His smile was quiet, reverent. “Because it’s math,” he said as he gently pulled the mug from my hand. Holding it up between us, he says, “Clean lines. Balance. The pattern loops in the exact ratio of a Fibonacci spiral.”

My brows furrow, breath stuttering. “I didn’t mean to…”

“I know,” he says.

His gaze drops back down to the mug in his hands. Something shifting in his expression…soft, unguarded. As if he is looking at something sacred. Not clay and glaze, but a relic. A message in his hands that only he could understand. His jaw flexed as if something had settled in him, his fingers gently caressing the pattern as if they were scripture.

It was worship. Silent, aching adornment.

Sucking in a trembling breath, the sting of tears are hot behind my eyes. This moment suddenly feels heavier…more than clay and art. It was proof. Of him. Of me. The thread that had been tugging between us all along.
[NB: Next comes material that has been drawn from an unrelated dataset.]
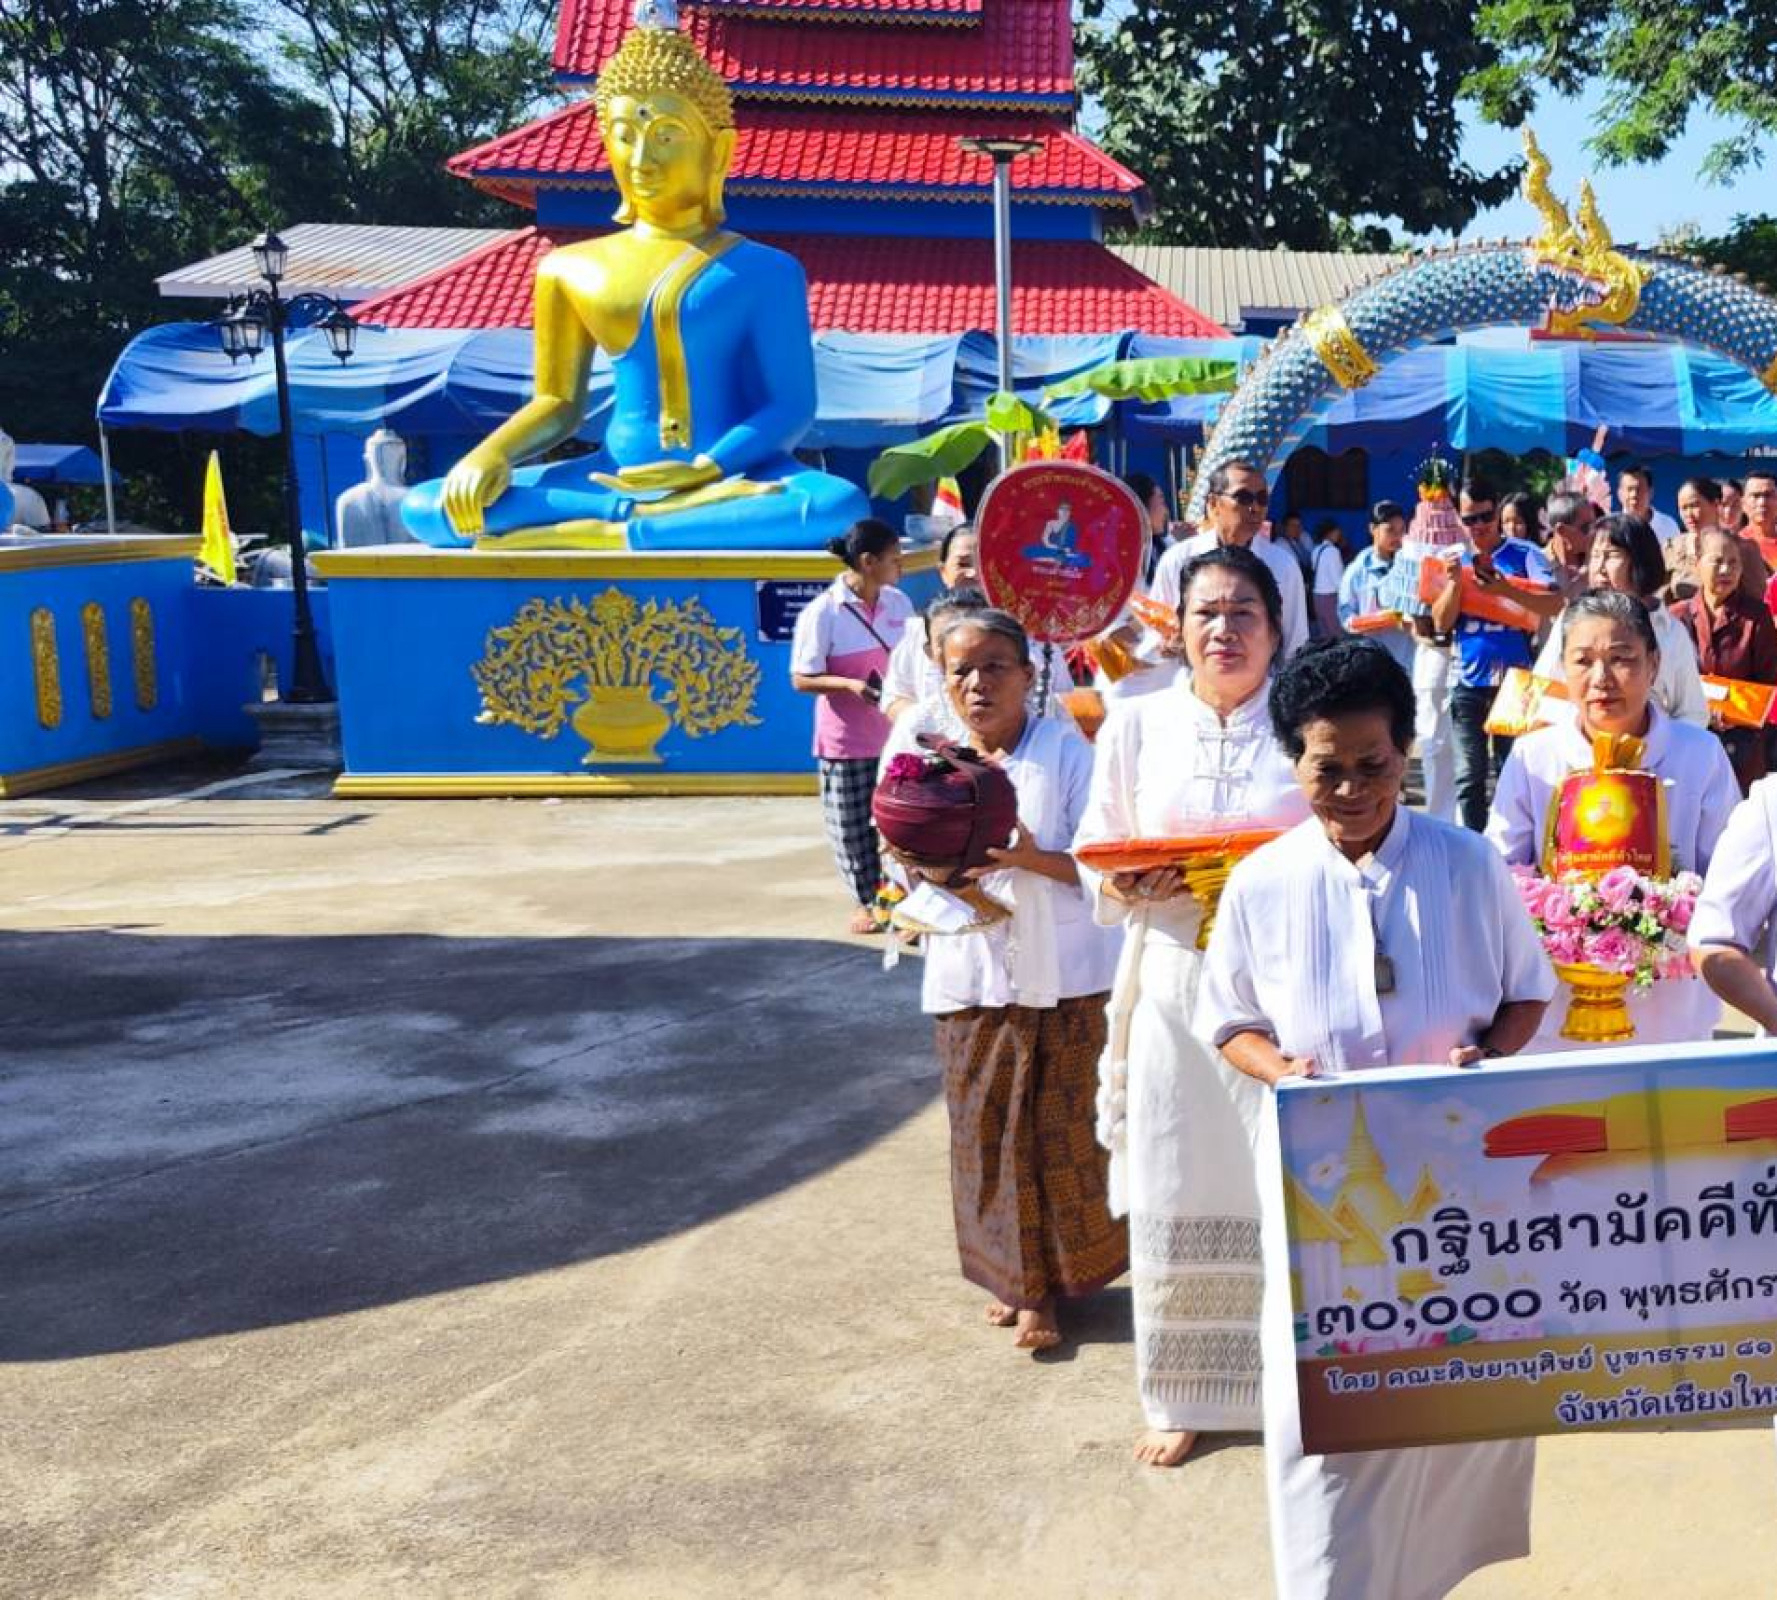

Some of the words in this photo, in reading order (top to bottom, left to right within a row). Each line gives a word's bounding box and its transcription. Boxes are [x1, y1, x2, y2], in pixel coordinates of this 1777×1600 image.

I didn’t see the proverbial writing on the wall. All the small moments drawing me to him. Like a slideshow playing behind my eyes, the moments flashed. Meeting Shadow, Cal sitting on the porch at the same time as me, the mug, the gifts, every breadcrumb leading me forward, even my dreams that whispered of him in the dark.

“That’s why it means everything,” he whispered. “The shape, the symmetry…it’s a pattern. Something I’ve always been drawn to.” He turns and walks over to his bookshelf in his living room, scanning the titles on the shelf before pulling a worn hardback off the shelf. His long legs eat up the space as he rushes back to the kitchen, setting both the mug and book down on the counter top between us. He flips to a page as if he has it memorized.

His fingers run along the sketch, spiraled and elegant, the lines forming a perfect, sacred geometry.

“The golden ratio,” the words left his lips like a confession, “it’s found in everything—from galaxies to pinecones to the bones of our hands. But it’s not just math…it’s the feeling. The balance. The pull.”

His gaze flicks to mine full of worship and adoration. “You made this without knowing. You shaped something perfect, balanced, and beautiful with your hands, Selene. You madethis.” His fingers trace up the curve of the mug again, with a tenderness that makes my chest ache. “It matched something I’d spent years chasing. Something I thought only lived in theory and the art of the world. But you—”

He swallows hard as his thumb brushes along the curve of my cheek. “You felt it too. Even if you didn’t know yet. Even if you didn’t understand what you were doing.”

My breath catches in my throat, a soft gasp that stings behind my eyes. The tears come anyways, thick and hot, welling until his face blurs in front of me. His eyes are soft and round, as they flick between mine, cataloging everything.